--- Your instructions ---
Pictures are to be excluded. Please print only the lines from the one containing "this 1500×1000 image." through the end of the data, exactly as they appear.

--- Input data ---
Segment Open

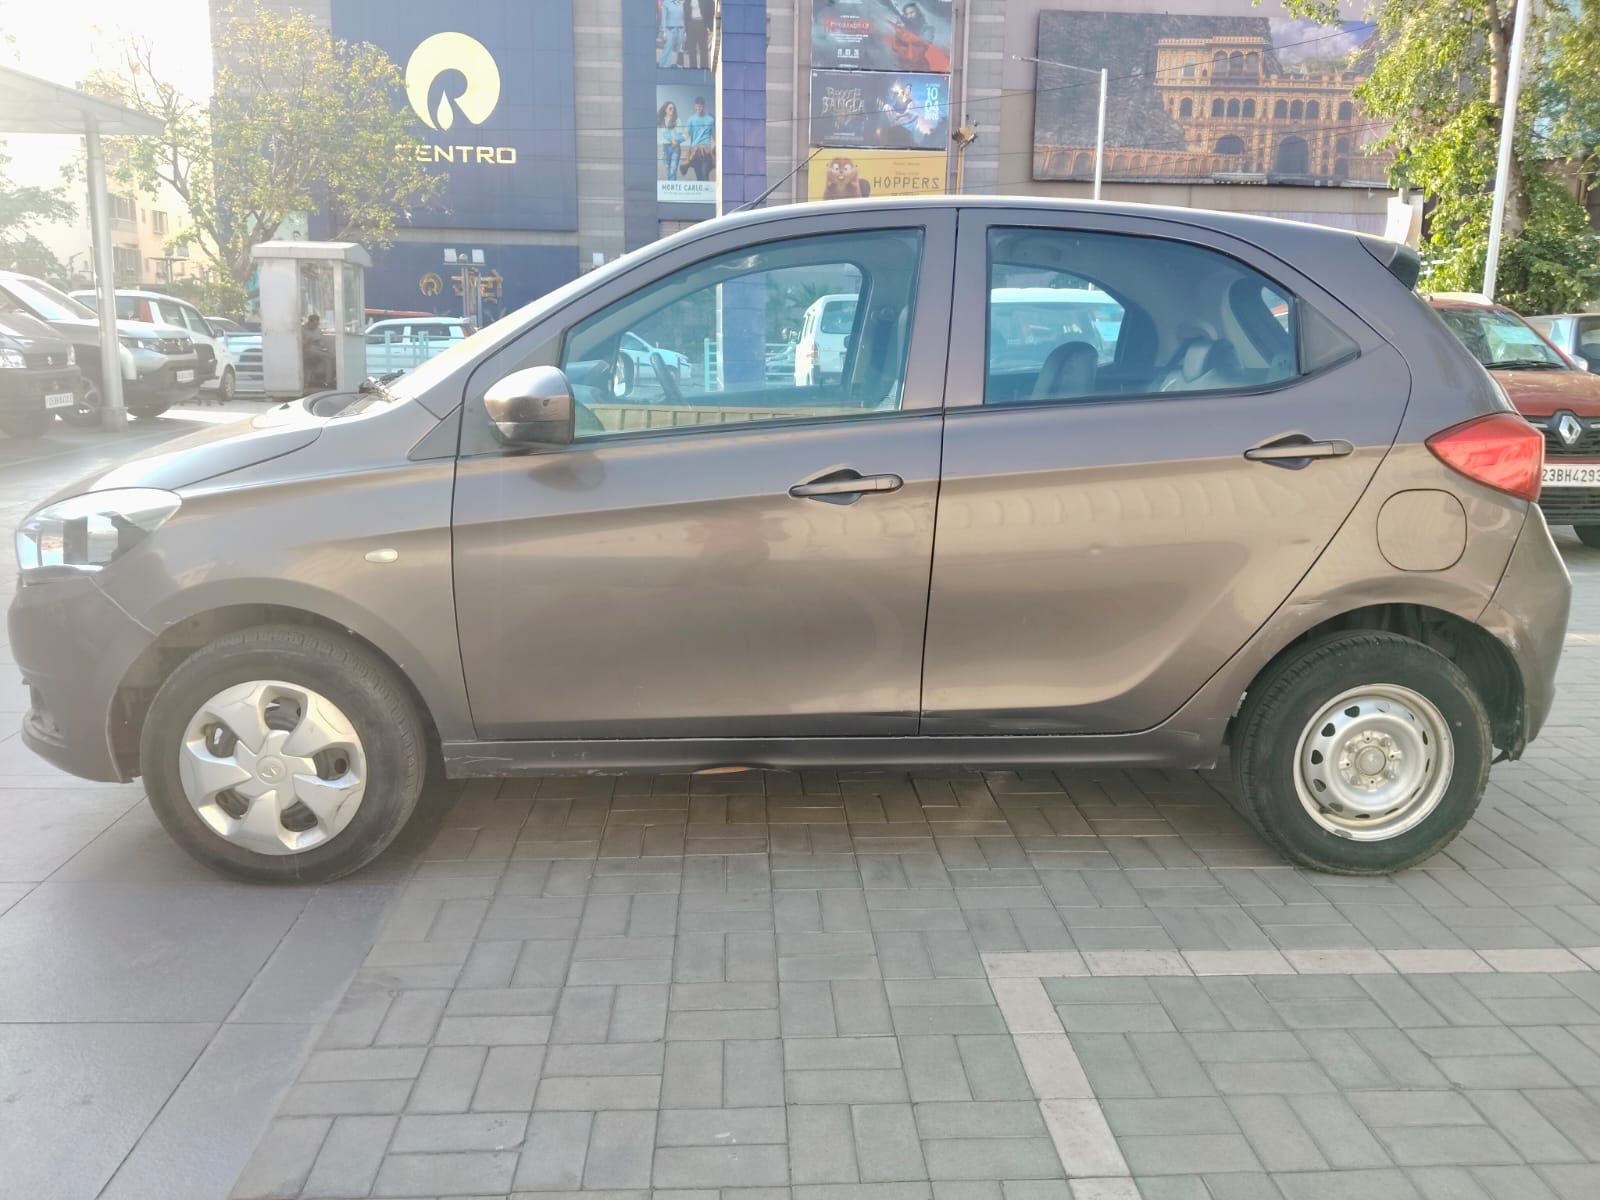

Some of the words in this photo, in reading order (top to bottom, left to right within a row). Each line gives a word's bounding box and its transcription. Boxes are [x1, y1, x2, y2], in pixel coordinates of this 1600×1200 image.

[661, 183, 682, 192] MONTE
[683, 184, 703, 192] CARLO
[873, 176, 940, 189] HOPPERS
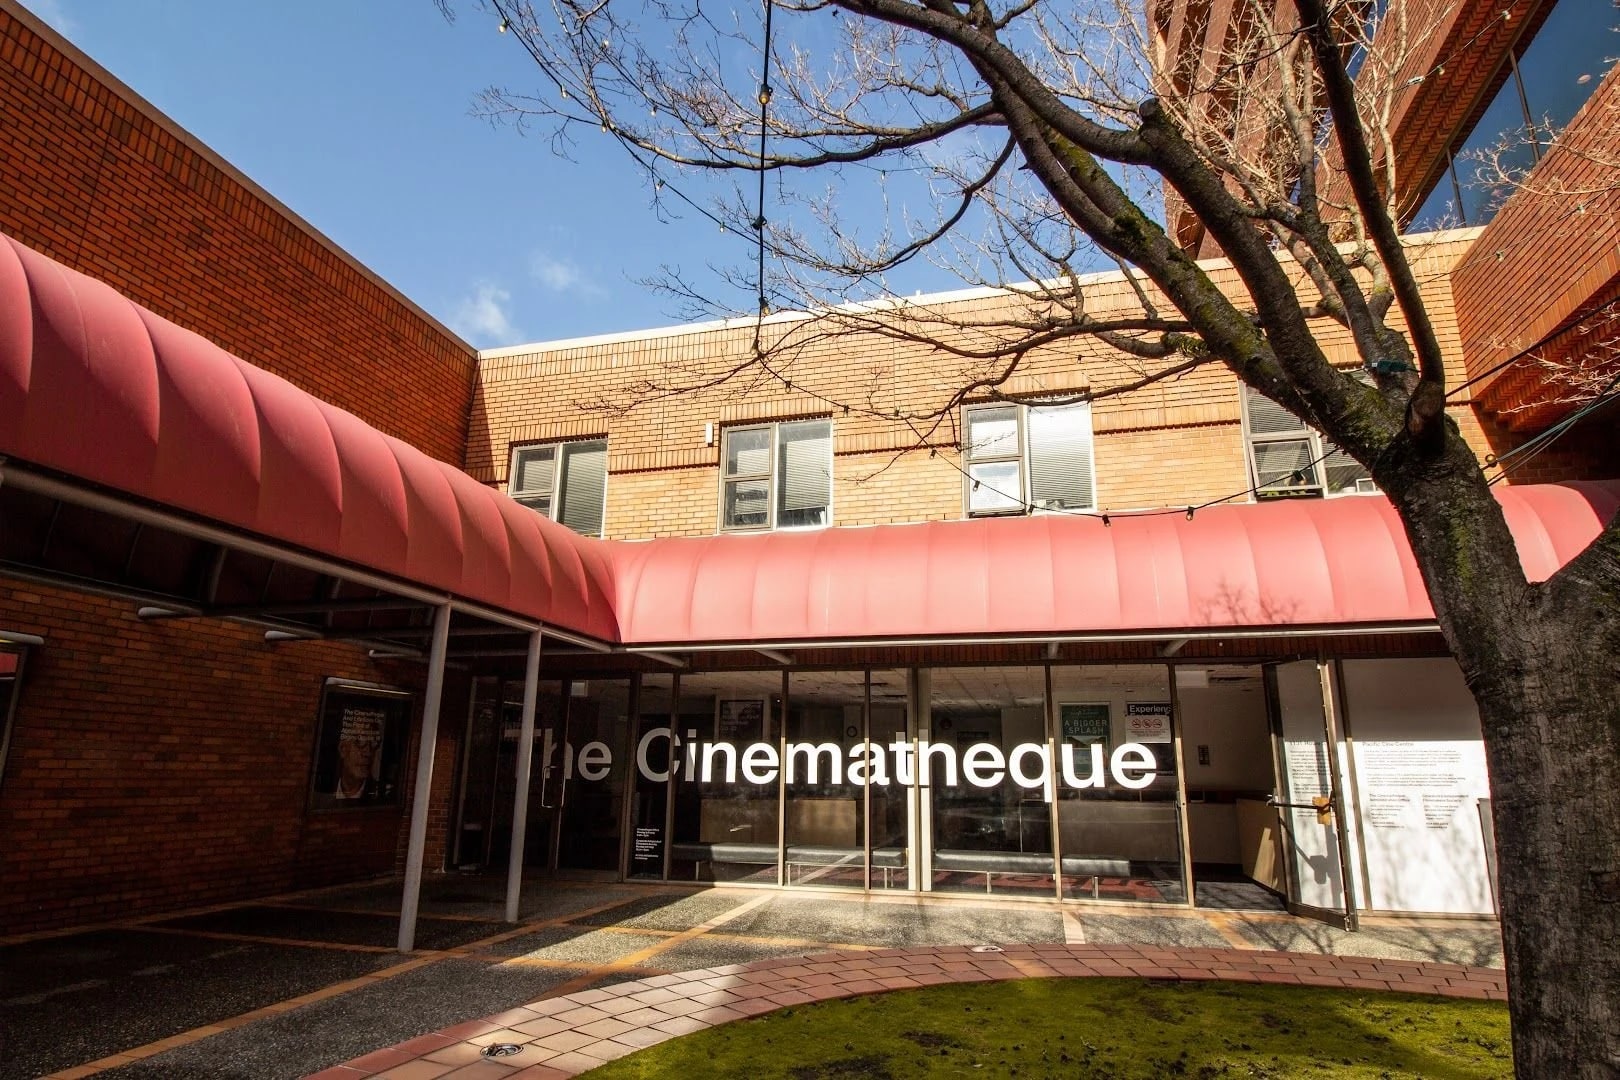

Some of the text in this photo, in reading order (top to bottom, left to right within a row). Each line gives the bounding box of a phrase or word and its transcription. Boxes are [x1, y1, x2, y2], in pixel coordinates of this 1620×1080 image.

[1064, 719, 1070, 727] A
[1068, 726, 1104, 735] SPLASH
[636, 727, 1157, 803] Cinematheque
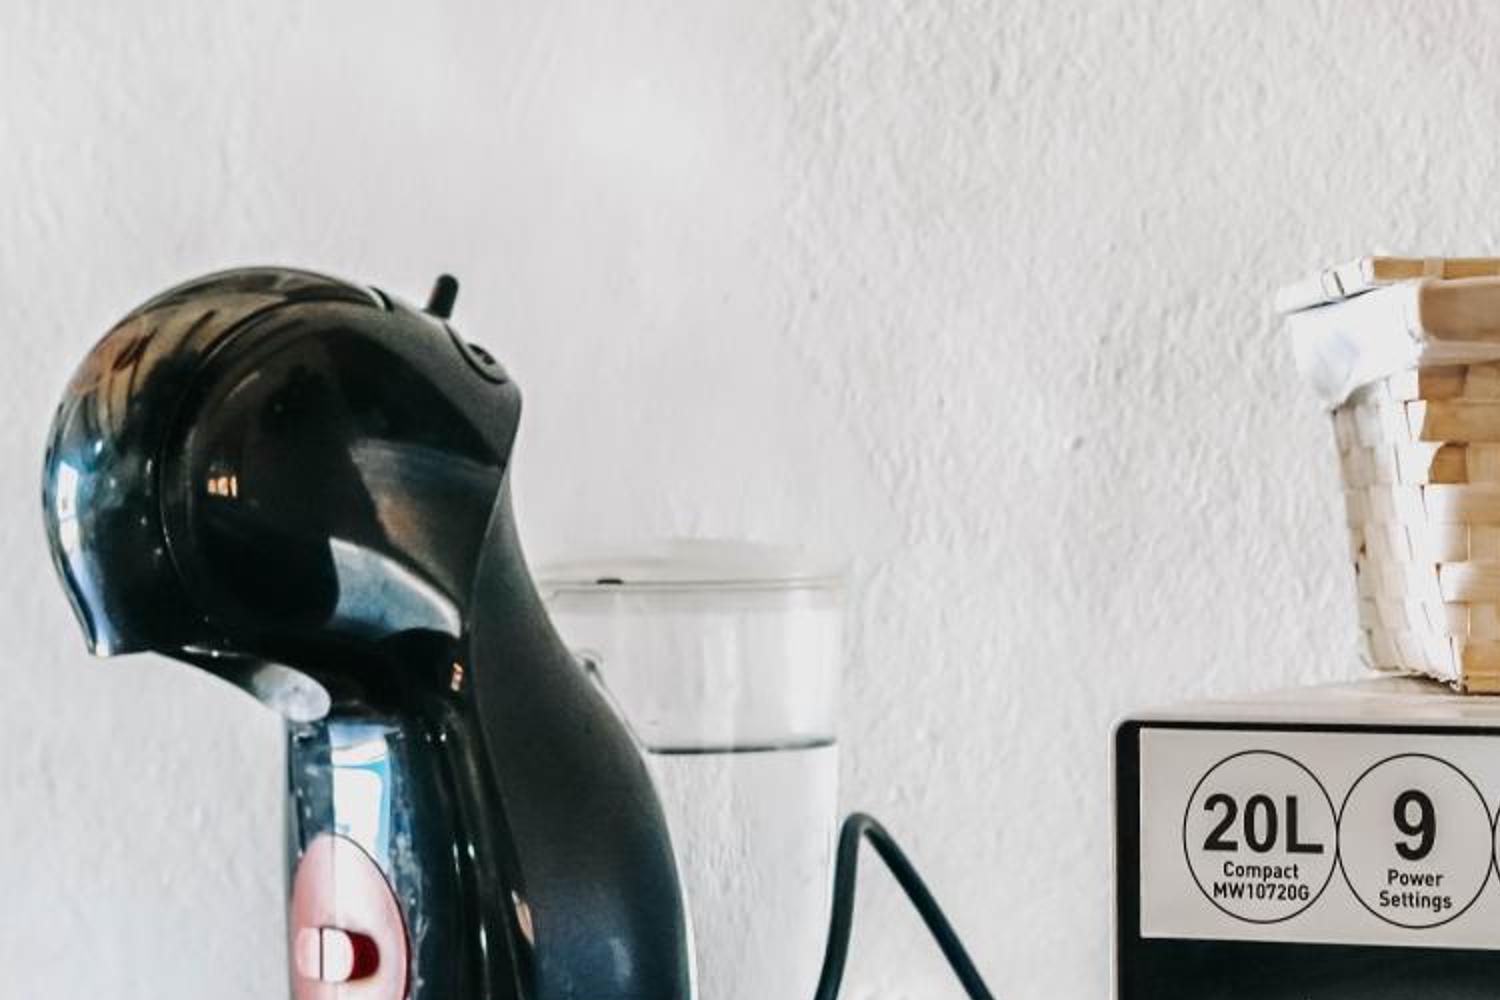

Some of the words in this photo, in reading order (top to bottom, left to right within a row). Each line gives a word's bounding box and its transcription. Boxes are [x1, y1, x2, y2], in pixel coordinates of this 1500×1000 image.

[1202, 793, 1324, 854] 20L
[1393, 789, 1436, 861] 9
[1223, 861, 1299, 884] Compact
[1387, 869, 1443, 887] Power
[1213, 883, 1310, 901] MW10720G
[1379, 890, 1453, 913] Settings
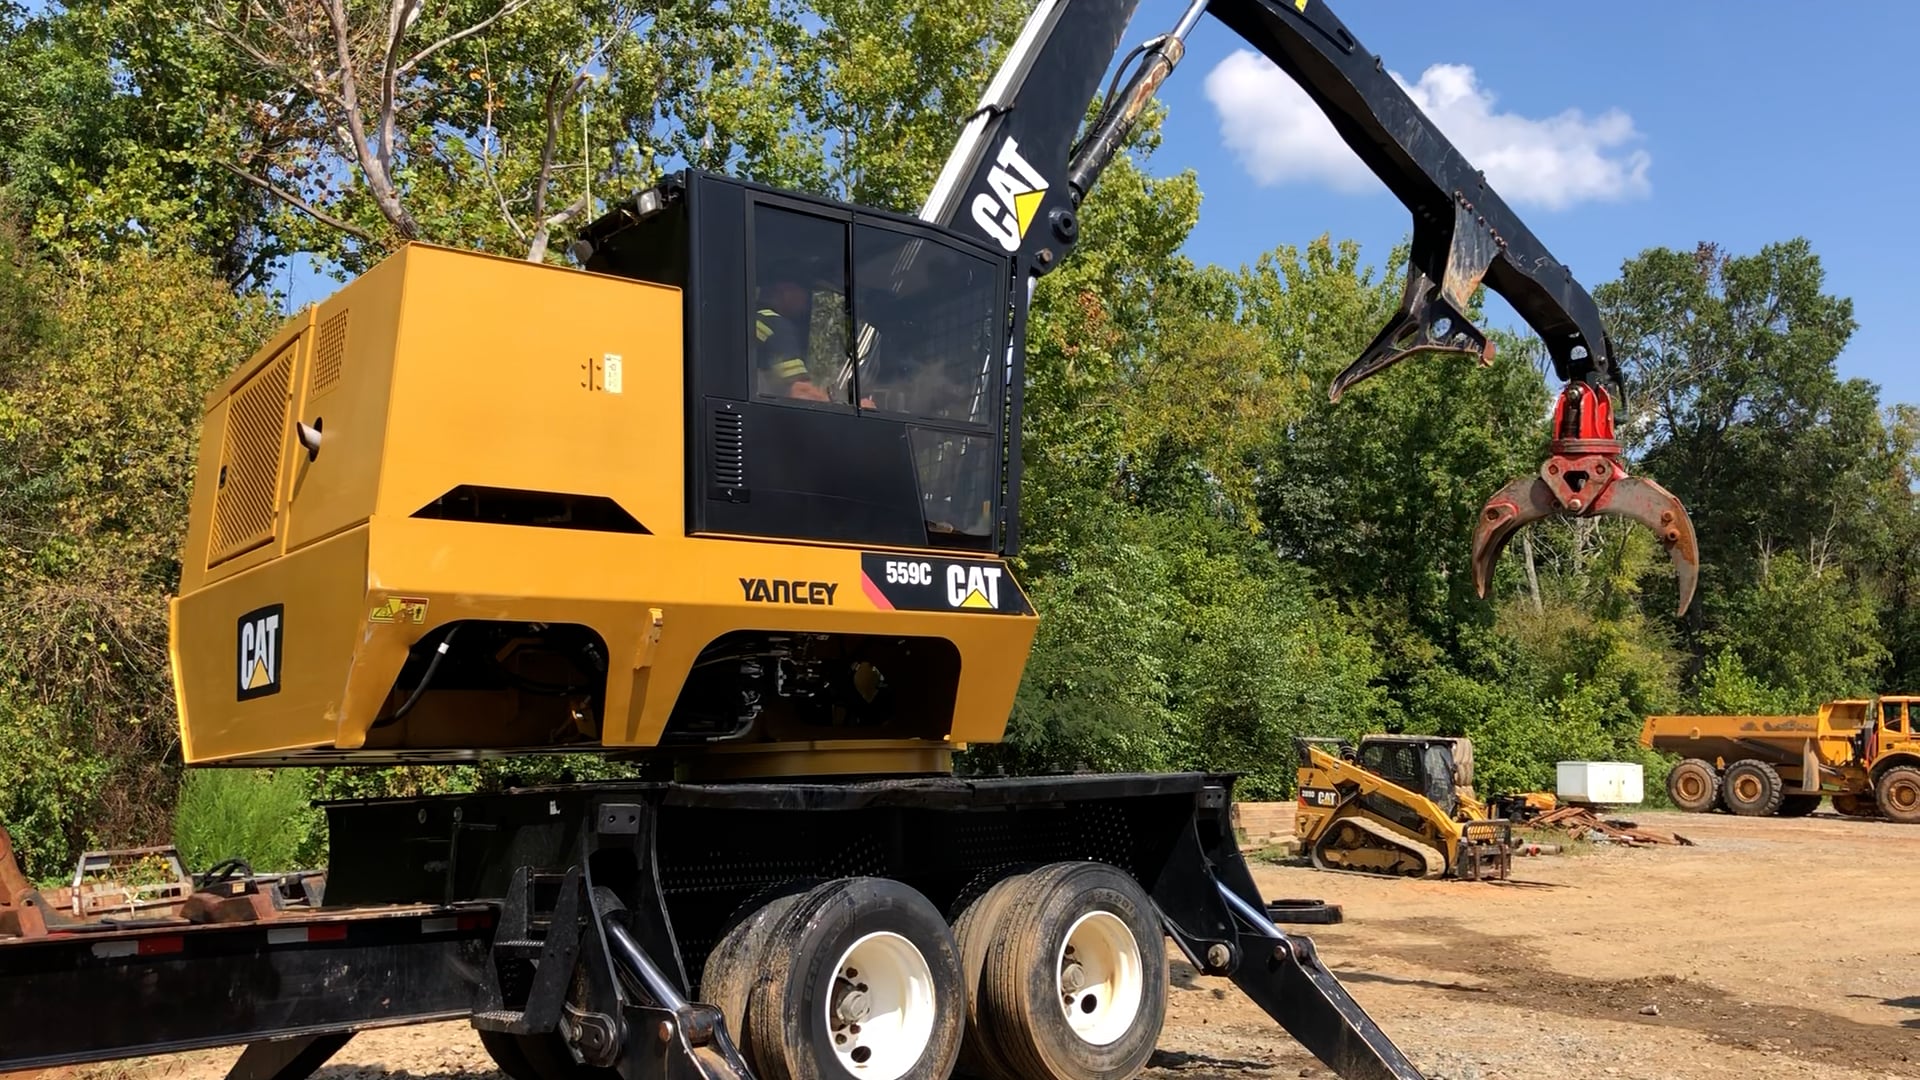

Segment Closed

--- Result for this task ---
Some of the words in this photo, in reading order (top to bottom, left to right within a row). Each line gives a word's bounding box and its transcription. Boxes are [x1, y1, x2, y2], in pixel coordinates of this 1500×1000 image.

[1202, 793, 1324, 854] 20L
[1393, 789, 1436, 861] 9
[1223, 861, 1299, 884] Compact
[1387, 869, 1443, 887] Power
[1213, 883, 1310, 901] MW10720G
[1379, 890, 1453, 913] Settings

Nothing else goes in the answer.